## AIM OF THE EXERCISE
Please repeat every record below exactly as written, but leave out the pictures.

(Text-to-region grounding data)
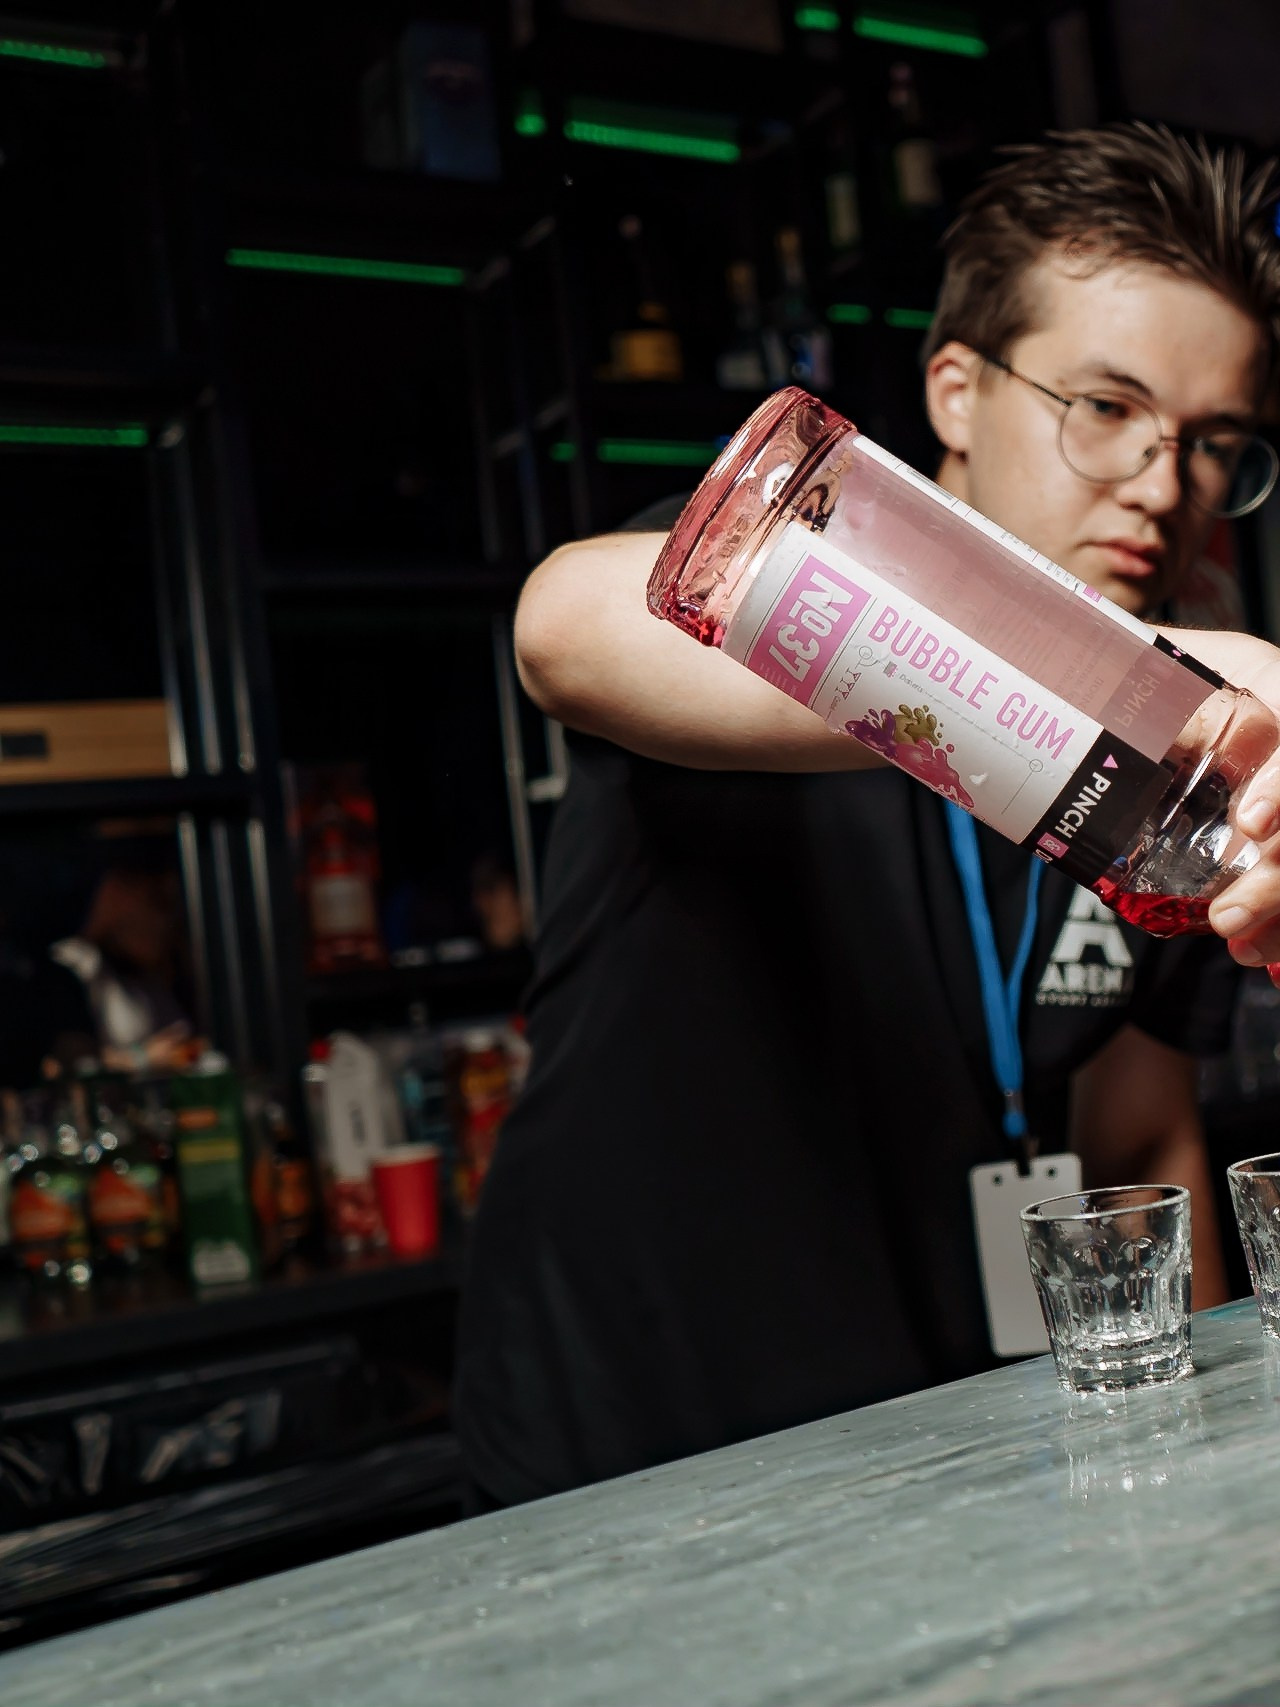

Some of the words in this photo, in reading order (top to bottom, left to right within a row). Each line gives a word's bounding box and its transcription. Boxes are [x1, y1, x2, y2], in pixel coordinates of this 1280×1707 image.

[867, 605, 1000, 711] BUBBLE
[995, 692, 1076, 761] GUM
[1054, 771, 1112, 839] PINCH
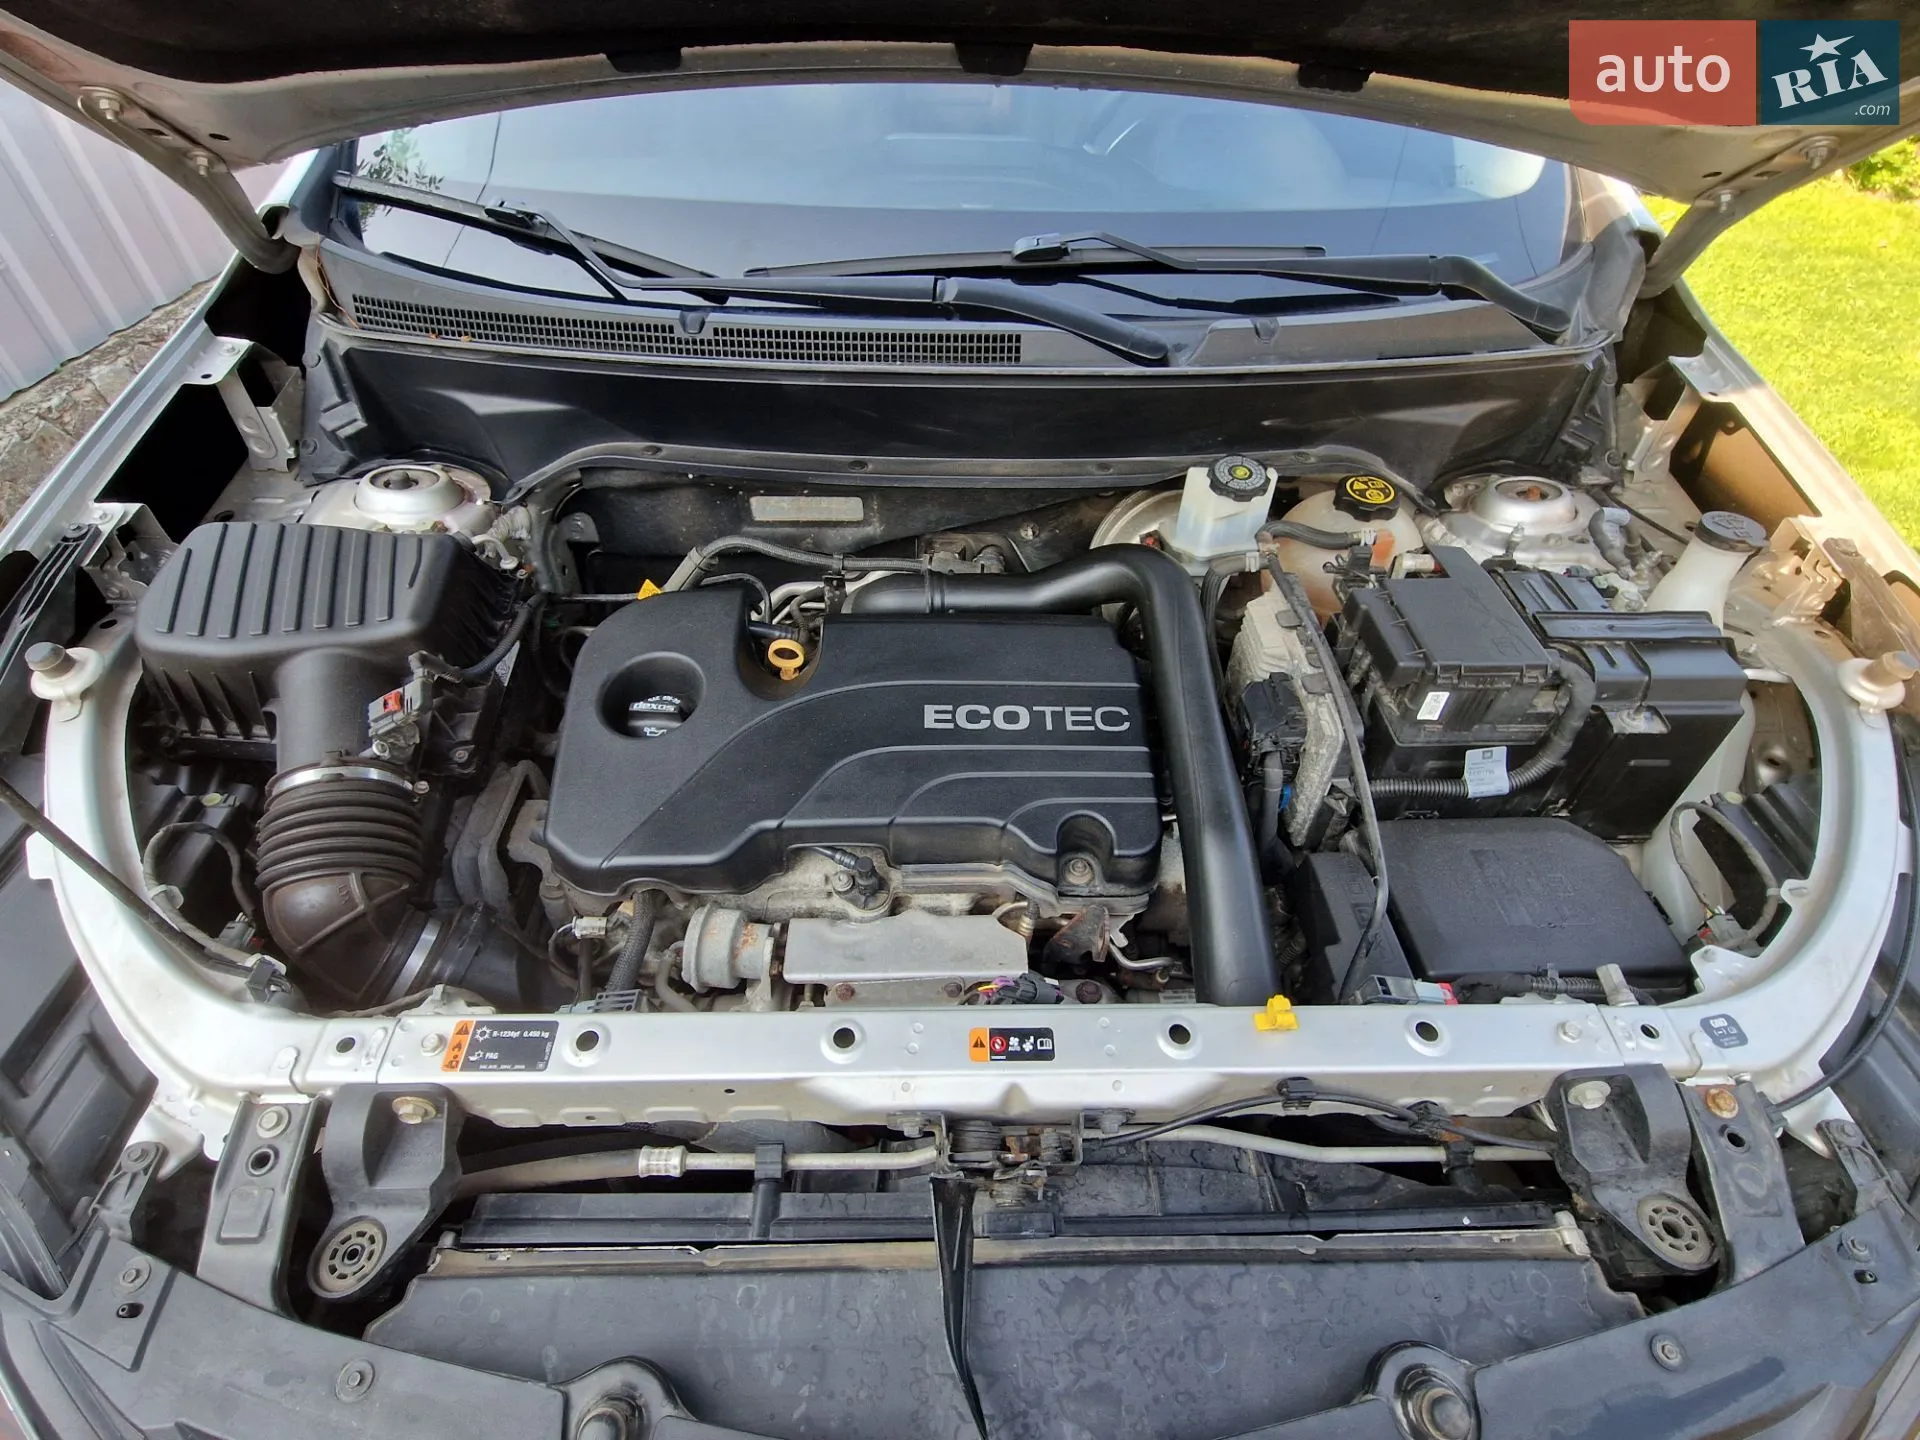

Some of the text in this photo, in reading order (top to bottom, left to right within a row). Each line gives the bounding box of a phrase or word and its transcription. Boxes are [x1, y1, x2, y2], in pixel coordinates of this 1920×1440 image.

## COMPLETED TASK
Some of the words in this photo, in reading order (top to bottom, left to right within a row). Each line gives a word's bounding box and its transcription. Boxes are [x1, y1, x2, y2], in pixel coordinates of this 1280×1707 image.

[867, 605, 1000, 711] BUBBLE
[995, 692, 1076, 761] GUM
[1054, 771, 1112, 839] PINCH

Some of the text in this photo, in reading order (top to bottom, left to right within a row). Each line gives the bounding box of a phrase or word and its transcription. Boxes are [x1, y1, x2, y2], in pixel coordinates of this 1920×1440 image.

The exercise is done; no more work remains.